- Bhindar tehsil Location of Bhindar tehsil Bhindar tehsil Bhindar tehsil (India)
- Coordinates: 24°30′15″N 74°11′12″E﻿ / ﻿24.504057°N 74.186683°E
- Tehsil seat: Bhindar

Area
- • Total: 341 km^{2} (132 sq mi)
- Time zone: Indian Standard Time

= Bhindar tehsil =

Tehsil in Udaipur, Rajasthan, India

Bhindar (also spelt Bhinder) is a tehsil of Udaipur district in Rajasthan, India. The tehsil headquarter is located in the town of Bhinder.

==History==
Before the formation of the Republic of India, the territory of present-day Bhindar tehsil was part of the former Udaipur State. With the formation of the United State of Rajasthan (precursor to the state of Rajasthan) in 1948, the new district of Udaipur was constituted which included the territory of present-day Bhindar tehsil.

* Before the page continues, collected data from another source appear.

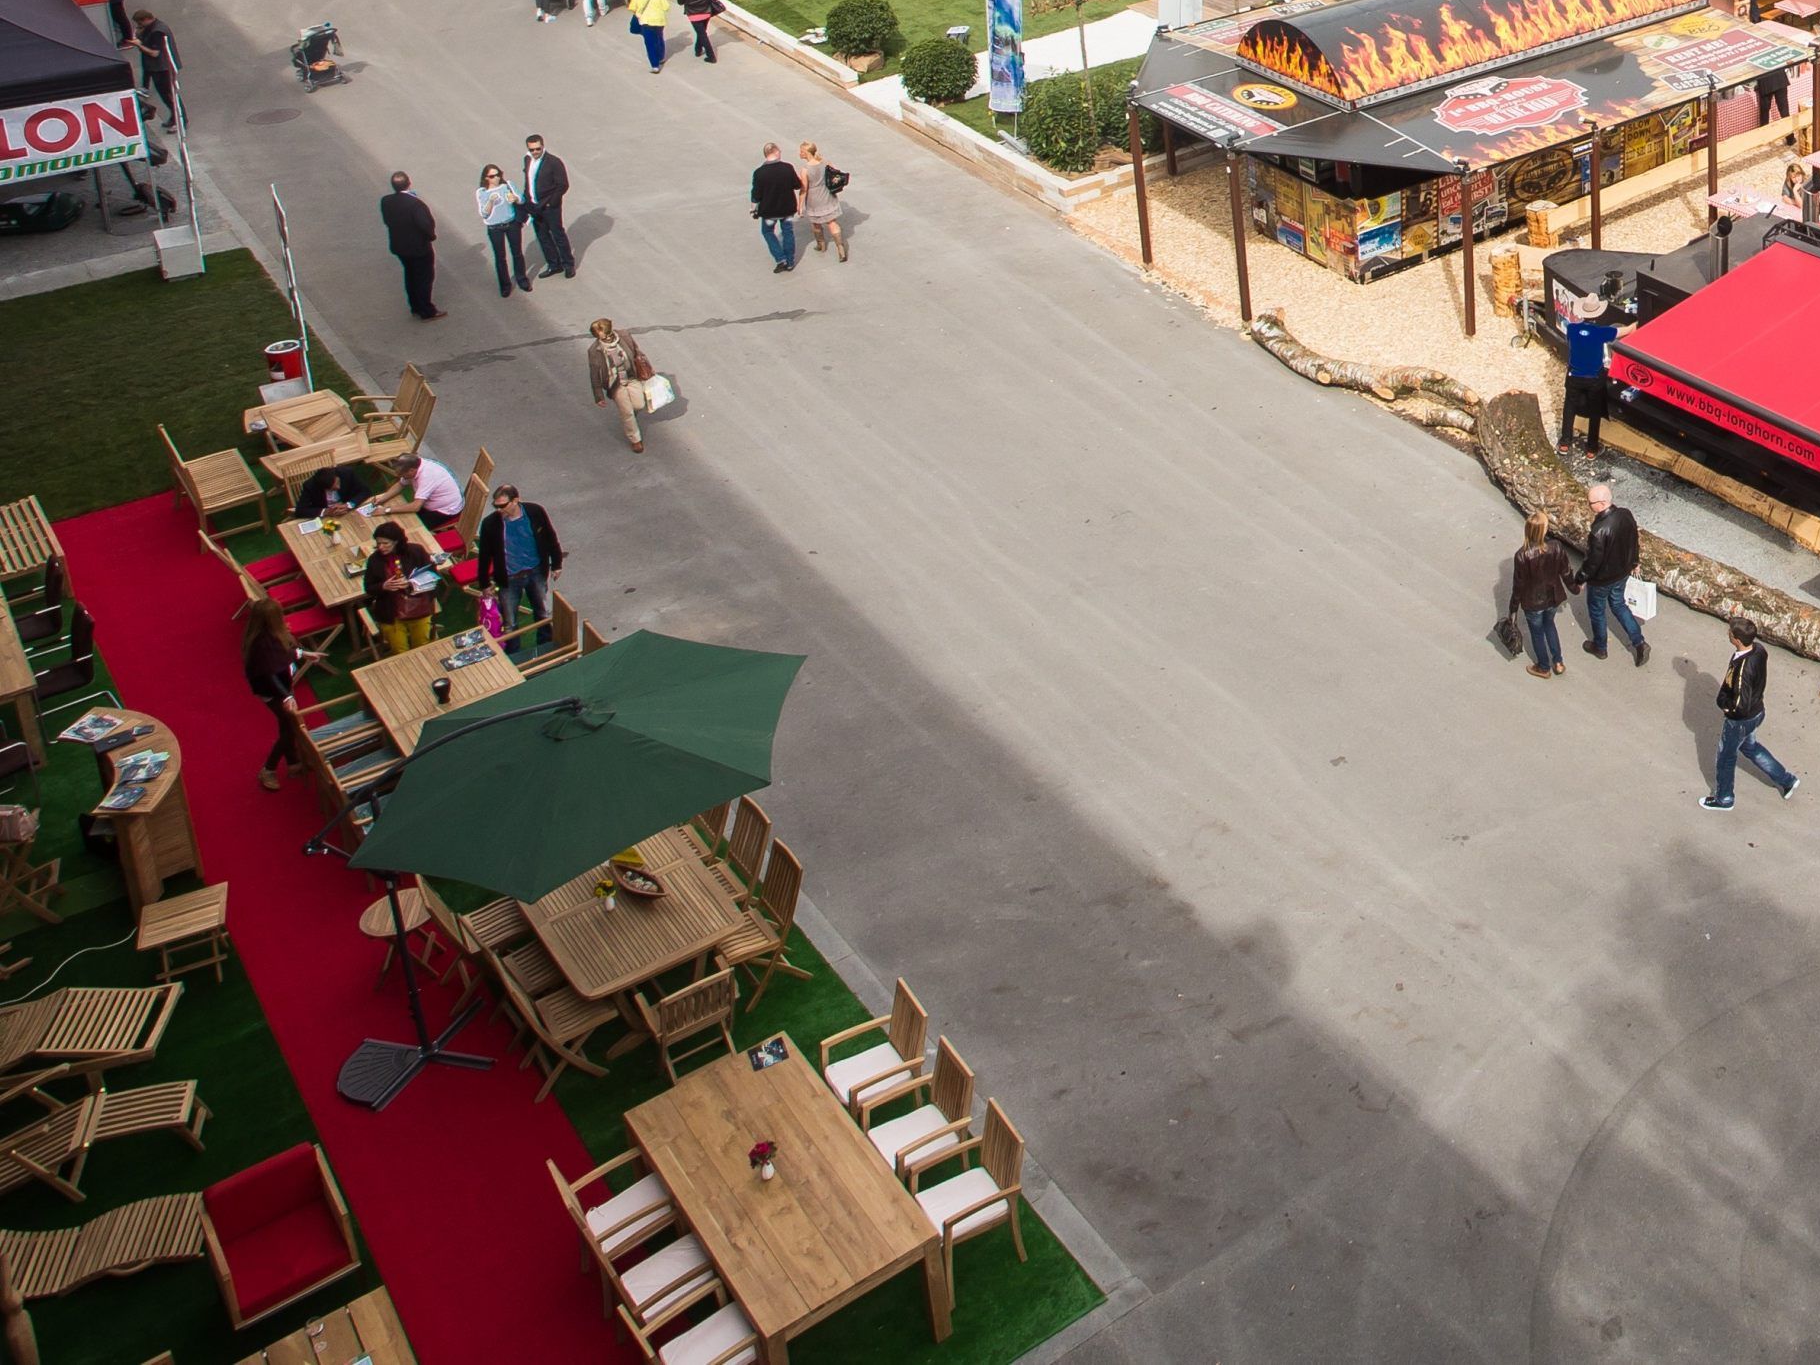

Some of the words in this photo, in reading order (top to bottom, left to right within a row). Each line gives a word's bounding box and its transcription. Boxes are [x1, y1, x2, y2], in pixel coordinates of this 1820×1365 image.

[1665, 46, 1701, 64] RENT
[1465, 83, 1550, 112] BBQ-HOUSE
[1204, 98, 1260, 128] CATERING
[1502, 104, 1528, 118] THE
[0, 96, 140, 161] LON
[1627, 128, 1652, 141] DOWN
[1628, 118, 1651, 131] SLOW
[1666, 384, 1815, 462] www.bbq-longhorn.com

In 1959, the sub-tehsil of Bhindar was created within Vallabhnagar tehsil. After a nearly 40-year long struggle by local activists to obtain tehsil status, Bhindar became a tehsil in 2017.

==Geography==
The area of Bhindar tehsil is 341 square kilometres. The annual average rainfall in the tehsil is 608 mm, with an average of 30 rainy days per year.

16 villages of the tehsil that are in the vicinity of the city of the Udaipur urban area are subject to the jurisdiction urban planning policies of the Udaipur Urban Improvement Trust.